*Entries shown*.
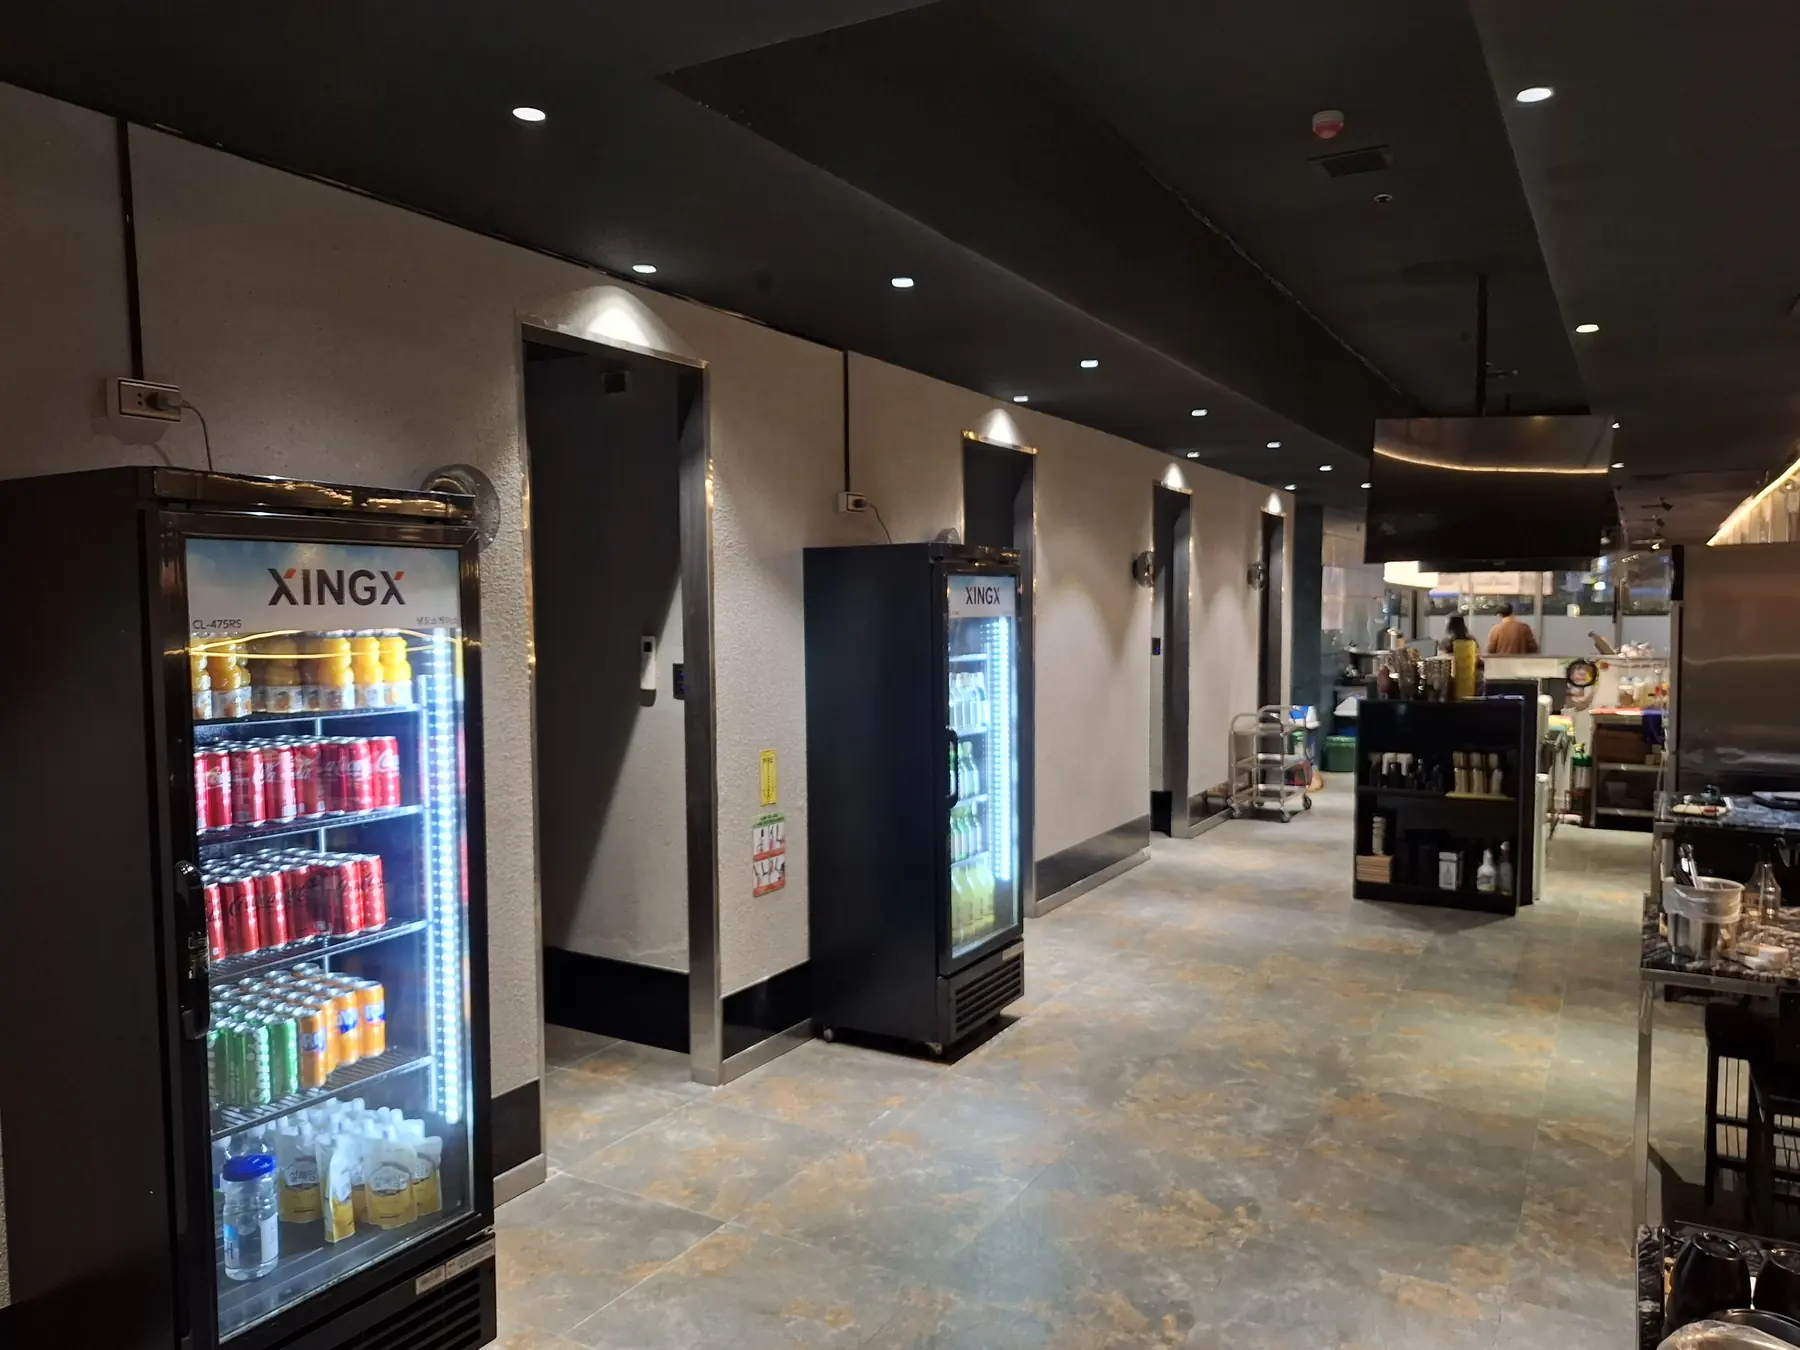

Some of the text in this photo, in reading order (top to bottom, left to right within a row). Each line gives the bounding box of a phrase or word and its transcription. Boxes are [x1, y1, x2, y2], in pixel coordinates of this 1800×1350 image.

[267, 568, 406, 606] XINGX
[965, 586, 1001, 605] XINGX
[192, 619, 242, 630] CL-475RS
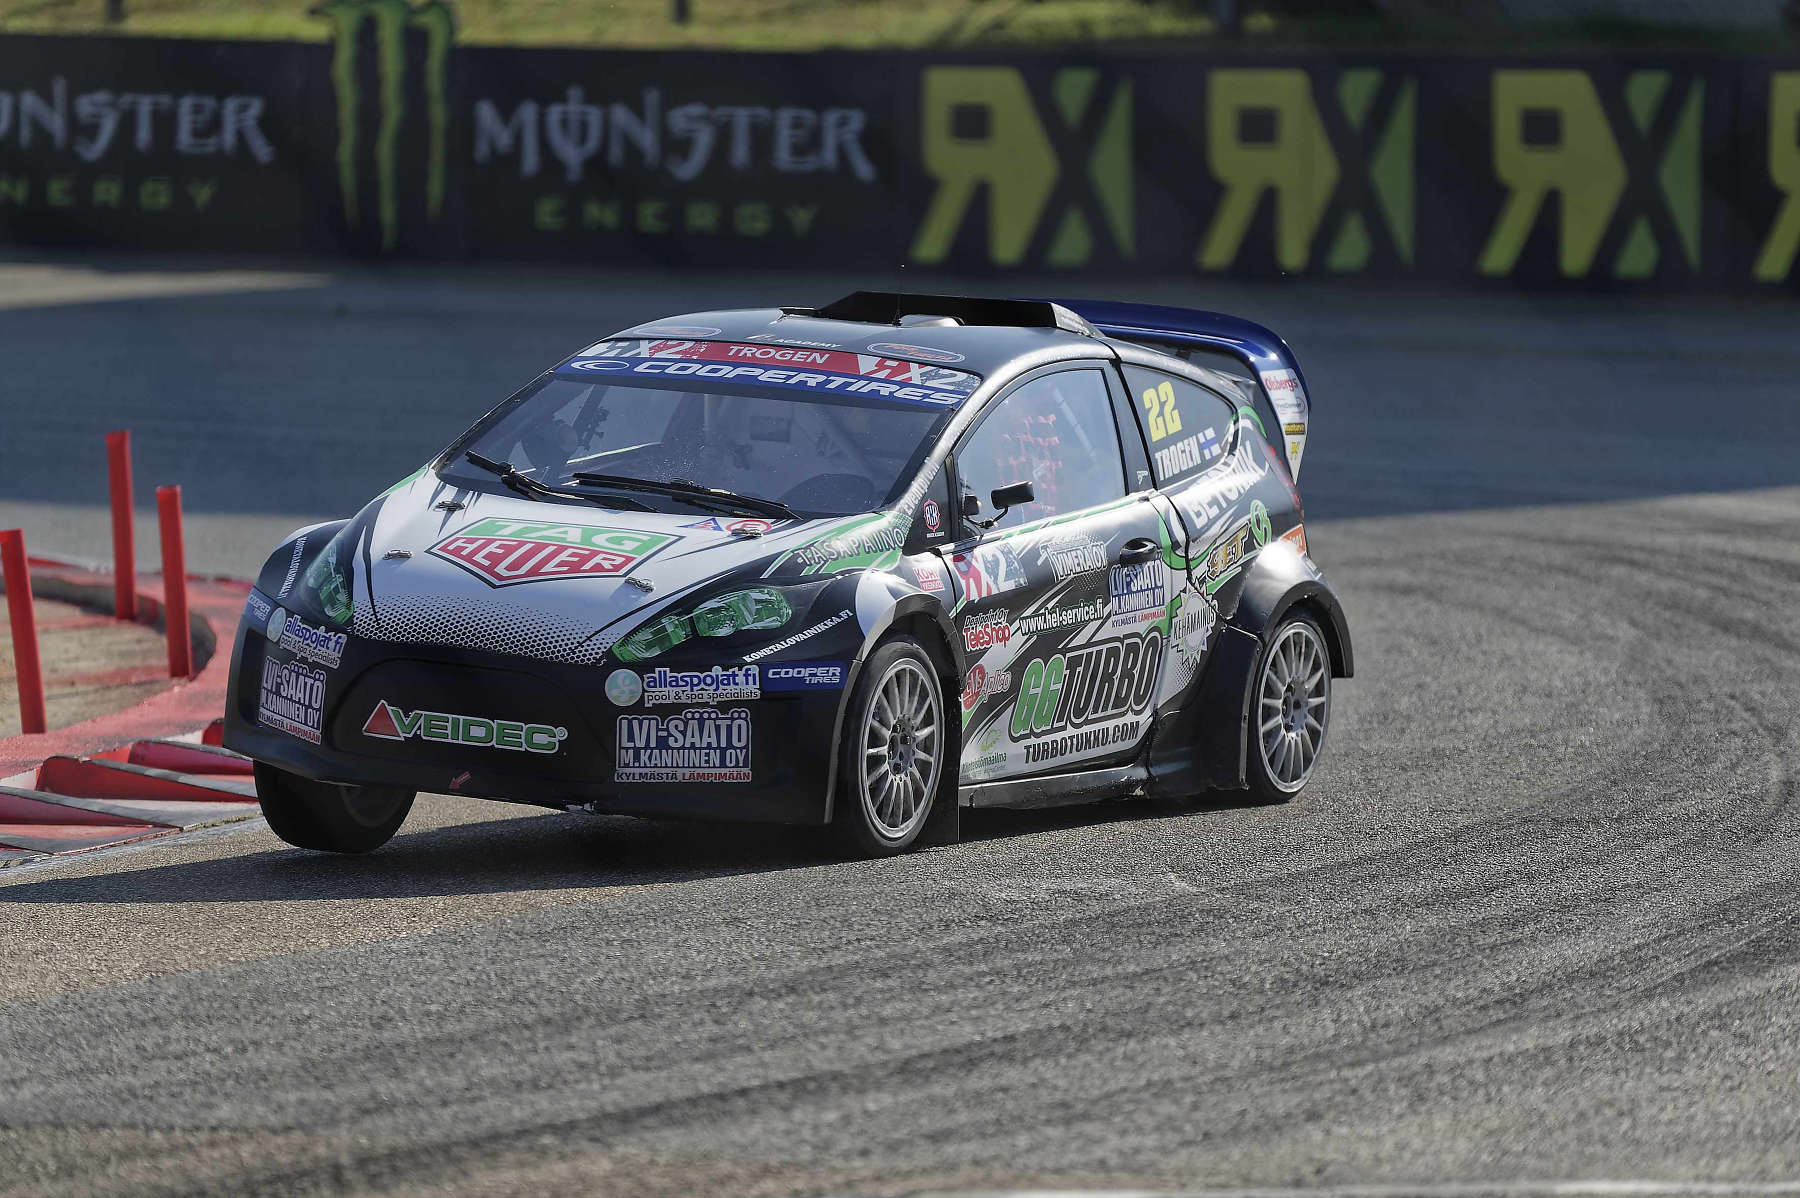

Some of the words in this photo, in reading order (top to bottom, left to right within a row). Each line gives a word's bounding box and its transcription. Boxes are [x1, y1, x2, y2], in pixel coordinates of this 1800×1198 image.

*What you will do*. The expected output is the whole listing, word for word, minus its pictures.

*Response for this exercise*.
Some of the text in this photo, in reading order (top to bottom, left to right within a row). Each line gives the bounding box of a phrase or word and its transcription. Boxes are [x1, y1, x2, y2], in pixel coordinates of this 1800×1350 image.

[267, 568, 406, 606] XINGX
[965, 586, 1001, 605] XINGX
[192, 619, 242, 630] CL-475RS

Some of the words in this photo, in reading order (top to bottom, left to right within a row). Each line gives a word's bounding box and its transcription. Boxes are [x1, y1, x2, y2], in pixel coordinates of this 1800×1198 image.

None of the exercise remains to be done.